- Born: 28 July 1871 Enniscorthy
- Died: 6 December 1941 (aged 70)
- Education: Trinity College Dublin
- Known for: Air pollution; Environmental engineering;
- Awards: Symons Gold Medal 1942
- Scientific career
- Fields: Engineering; Medicine;

= John Switzer Owens =

Irish physician and environmental engineer

John Switzer Owens (28 July 1871 – 6 December 1941) was an Irish physician and environmental engineer. He invented some of the first scientific instruments for collecting and measuring air pollution and helped to establish the first large-scale pollution monitoring network in the United Kingdom.

==Early life==
Owens was born in Enniscorthy, County Wexford, and trained to be a doctor at Trinity College Dublin, where he took B.A., M.D., and B.Ch. degrees. In his late twenties, he gave up medicine and developed an interest in environmental engineering, which he studied at Durham College of Science. Later, he became an authority on coastal erosion and sea defences, and developed new forms of durable beach groynes based on reinforced concrete.
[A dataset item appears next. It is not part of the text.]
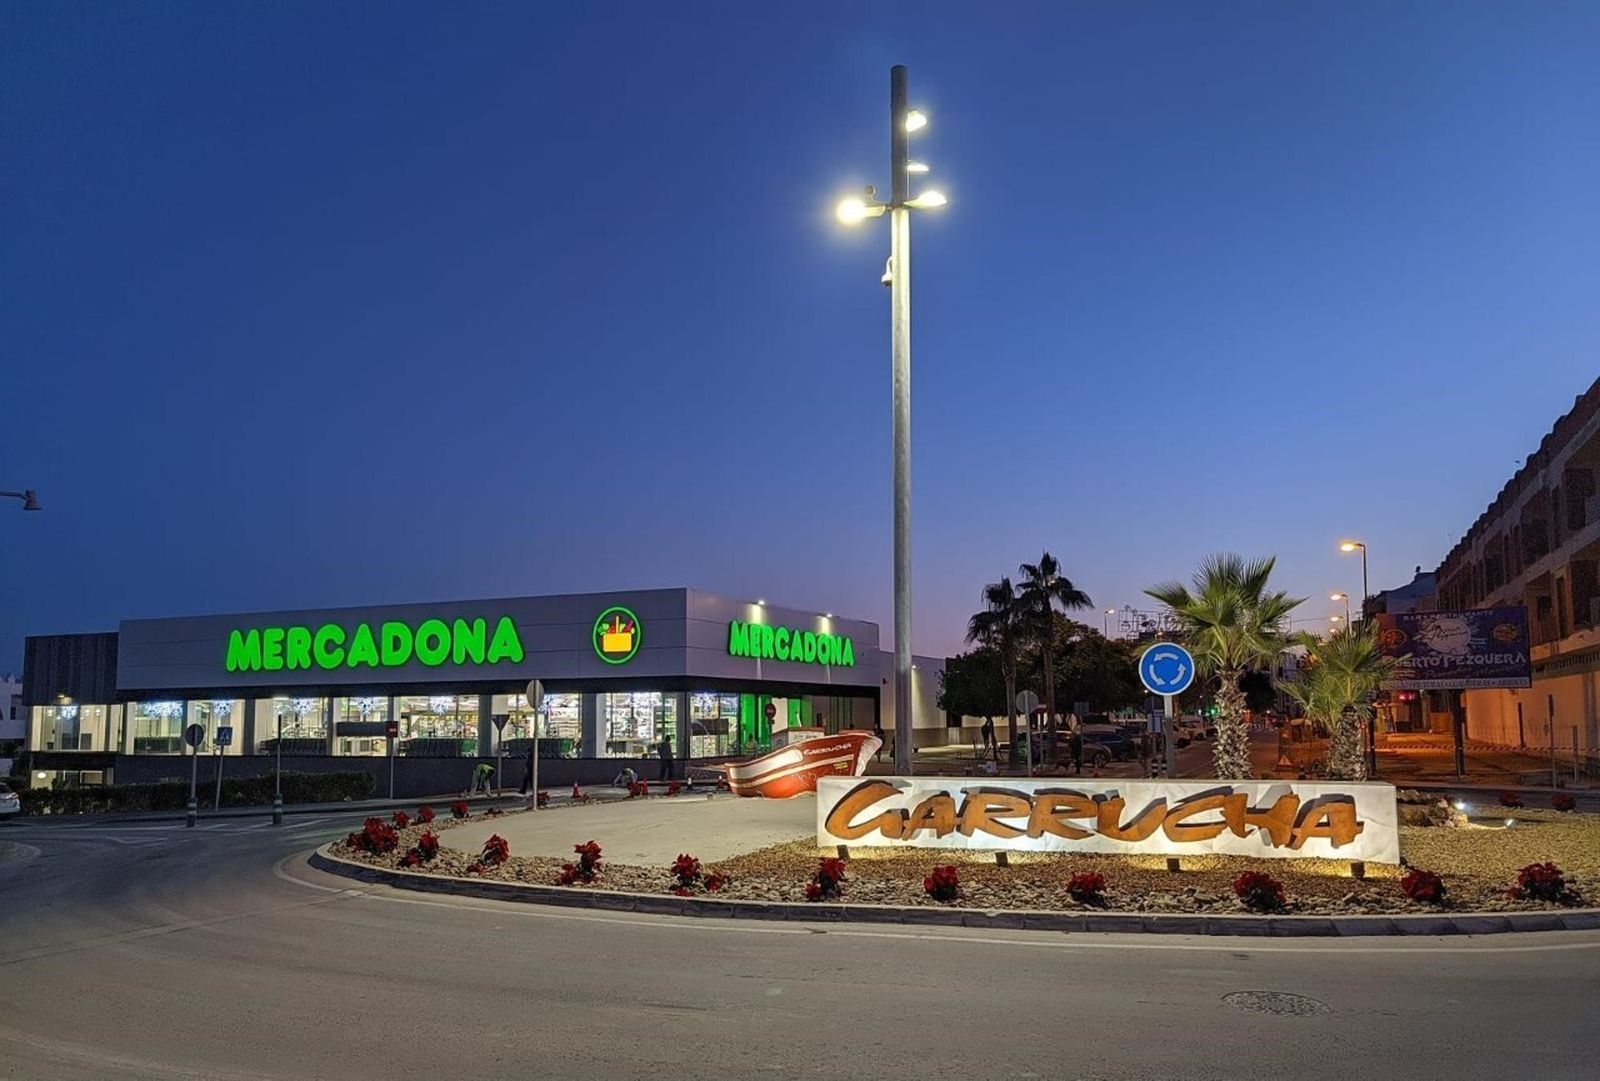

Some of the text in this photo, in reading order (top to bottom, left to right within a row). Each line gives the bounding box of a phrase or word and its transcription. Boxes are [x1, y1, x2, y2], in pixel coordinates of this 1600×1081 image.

He also worked as a mining engineer in Britain, Spain, and Portugal.

==Work on air pollution==
Owens' interest in air pollution developed as a member of the Coal Smoke Abatement Society (later known as the National Society for Clean Air, now Environmental Protection UK). This led to his appointment, in 1917, as the first secretary of the Committee for the Investigation of Atmospheric Pollution, a voluntary group of scientists, using facilities provided by The Lancet, that eventually became an advisory committee to the Met Office. Sir Napier Shaw, who was chairman of the same committee and first director of the Met Office, described Owens as the "moving spirit" behind the initiative, noting that as both an engineer and a doctor, he "possessed an extraordinary qualification for dealing with the subject of atmospheric pollution".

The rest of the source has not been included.